「いたし方なく」はじめた訪問看護でしたが
約10年、総合病院で働いて、結婚後、3人の子を出産しました。その当時は、正職員で復帰するならば、病棟は夜勤が必須、外来でも当直勤務は避けられない状況でした。私はやむを得ず、夜勤のない訪問看護の道を選んだのが始まりです。
私自身、「訪問看護って、介護に近いものかな。まあ、すぐ働けるようになるだろう」と踏んでいましたが、働きはじめると、訪問先で一人で判断することが不安、このケアが間違っていないのかどうかも不安。不安だらけの毎日で、「私って、何もできないかも」と落ち込むことばかりでした。その当時の管理者に「そのへこむ気持ちがあるほうがいいんだよ」と言われたことを思い出します。
2か月経つと、“利用者家族とつらいことも楽しいことも話したり、こんなふうになりたいという希望をかなえるために多職種で一致団結したりと、自分が提供する看護のおもしろさを実感する毎日”に変化してきました。気が付くと20年訪問看護を続けていました。
スタッフから管理者へ。管理者でないと味わえないつらさとおもしろさを知ると
訪問看護をすることにおもしろみを感じていましたので、訪問看護管理者になることを私は望んでいませんでした。管理者になった当初は、利用者が200名、スタッフが20名のステーションでした。
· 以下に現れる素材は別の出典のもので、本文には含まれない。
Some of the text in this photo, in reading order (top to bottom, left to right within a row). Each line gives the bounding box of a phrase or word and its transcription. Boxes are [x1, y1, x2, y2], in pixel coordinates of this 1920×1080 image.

はじめは、何をすることが管理なのかもわからず、ただがむしゃらに見渡し、起きたことに対応する毎日でした。自分のことよりもスタッフのこと、スタッフがしている看護が利用者家族に納得してもらっているかを常に考えていました。さらにステーションの意思決定を私自身が行い、その決定をスタッフに浸透させる。また、その看護に責任を持つ。スタッフはたくさんいるのに、孤独感を感じました。スタッフ個々の働く環境が変化したり、新規利用者が毎月10件以上入ってきたりと多忙で「私も訪問に行きたい」といつも思っていました。
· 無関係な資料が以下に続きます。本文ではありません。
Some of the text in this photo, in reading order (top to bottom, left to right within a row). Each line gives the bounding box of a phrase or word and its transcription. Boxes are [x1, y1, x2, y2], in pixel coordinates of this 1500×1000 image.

管理がおもしろいかもと感じたのは、3年かけて傾聴スキルを学んでからです。利用者に対してだけでなく、かかわる人に傾聴することの大切さを学び、真っ白い気持ちで話しを聴くようにしてから、急に自分自身が楽になりびっくりしました。そこから、相手を理解する認めること、チームをつくりあげることに楽しさを感じるようになりました。
まず自分自身が心身ともに健康であること
管理者として心がけていることは、かかわるひとへの傾聴です。スタッフは現場でいろんなことを体験して帰ってきます。つらいこともあるでしょうし、利用者から厳しいことを言われることもあるでしょう。そのしんどさを抱えすぎて一人にならないように、コミュニケーションの方法やタイミングを図っています。時にはスタッフのチーム力を借りたりもします。スタッフと管理者とが程よくつながるだけでなく、ステーション全体でも程よくつながれるように配慮していると、スタッフはなんとなく居心地よさそうです。
私自身がかかわる人の傾聴ができるために、心身ともに健康でいようと思っています。気がかりなことがあり過ぎたり、疲労困憊だと傾聴ができないことを経験上学んでいるからです。ですので、不健康になってきたら、統括管理者やスタッフに弱音を吐いて、手伝ってもらうこともあるのです。
ステーションの中では、安心して弱音や苦手な気持ちを吐き出せて、誰かがそれを受け止める、大丈夫と認めてくれる。苦手だったり、うまくないこと部分をお互い補完したり、できるように支援します。結果、ステーション全体のスキルアップをも図れている気がします。